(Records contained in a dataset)
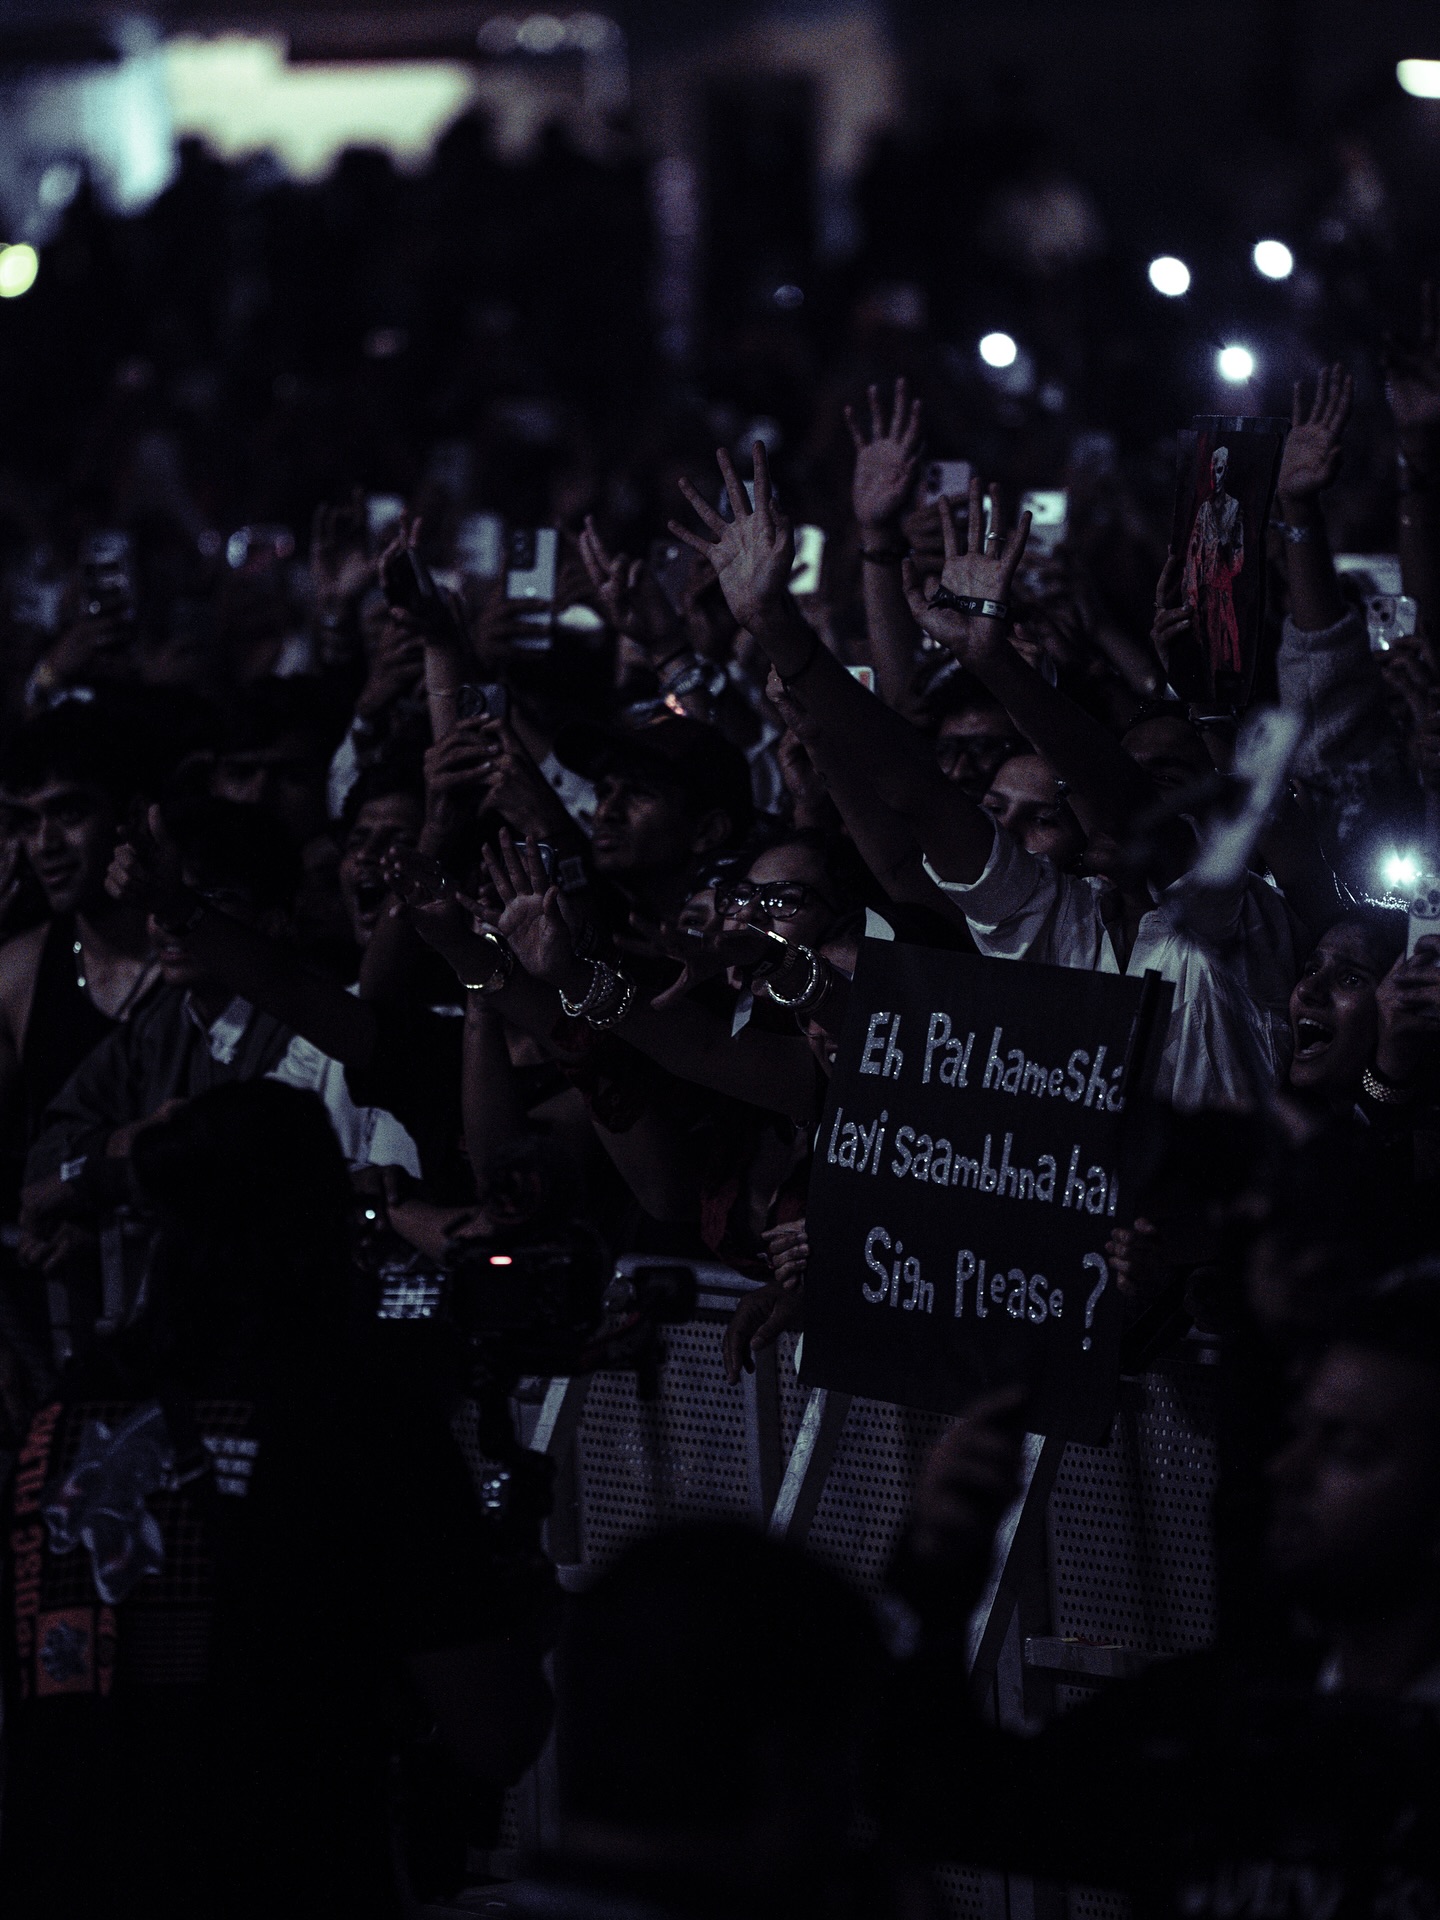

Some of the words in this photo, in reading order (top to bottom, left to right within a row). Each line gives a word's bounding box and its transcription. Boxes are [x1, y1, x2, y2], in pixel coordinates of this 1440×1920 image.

[859, 1011, 905, 1080] Eh
[921, 1011, 977, 1089] Pal
[826, 1107, 889, 1176] layi
[890, 1125, 1058, 1203] saambhna
[861, 1226, 935, 1314] Sign
[953, 1249, 1064, 1325] Please
[1081, 1252, 1110, 1352] ?

**Assigned task**
Exactly as they stand, the entries must be written out again, pictures excluded.

**Task response**
Some of the words in this photo, in reading order (top to bottom, left to right within a row). Each line gives a word's bounding box and its transcription. Boxes are [x1, y1, x2, y2], in pixel coordinates of this 1440×1920 image.

[859, 1011, 905, 1080] Eh
[921, 1011, 977, 1089] Pal
[826, 1107, 889, 1176] layi
[890, 1125, 1058, 1203] saambhna
[861, 1226, 935, 1314] Sign
[953, 1249, 1064, 1325] Please
[1081, 1252, 1110, 1352] ?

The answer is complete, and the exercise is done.